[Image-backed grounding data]
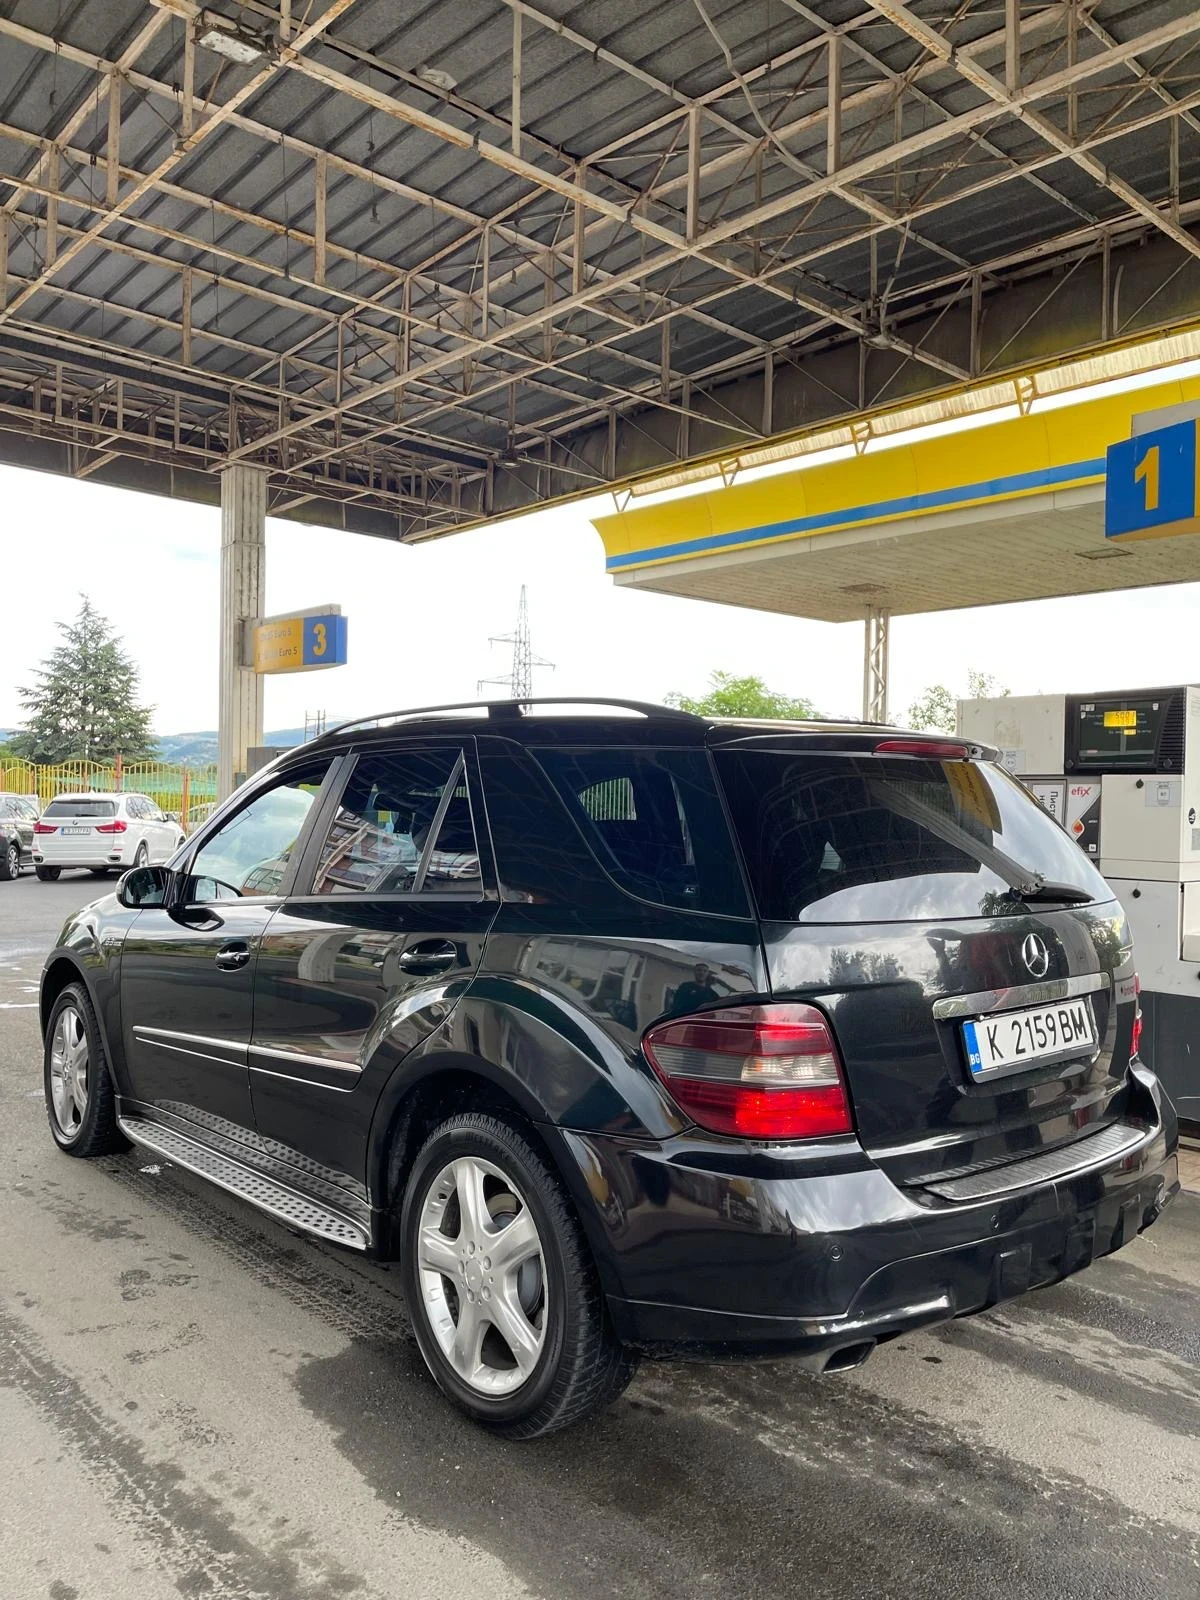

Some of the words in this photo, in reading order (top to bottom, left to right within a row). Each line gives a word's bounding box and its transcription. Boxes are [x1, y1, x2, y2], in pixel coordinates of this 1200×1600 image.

[1134, 446, 1159, 511] 1
[313, 623, 327, 656] 3
[1049, 791, 1058, 816] Пист
[1071, 786, 1091, 797] efix
[986, 1024, 1004, 1060] K
[970, 1052, 980, 1065] BG

### Exercise:
Would you mind repeating the records above exactly, without the pictures?

### Solved problem:
Some of the words in this photo, in reading order (top to bottom, left to right within a row). Each line gives a word's bounding box and its transcription. Boxes are [x1, y1, x2, y2], in pixel coordinates of this 1200×1600 image.

[1134, 446, 1159, 511] 1
[313, 623, 327, 656] 3
[1049, 791, 1058, 816] Пист
[1071, 786, 1091, 797] efix
[986, 1024, 1004, 1060] K
[970, 1052, 980, 1065] BG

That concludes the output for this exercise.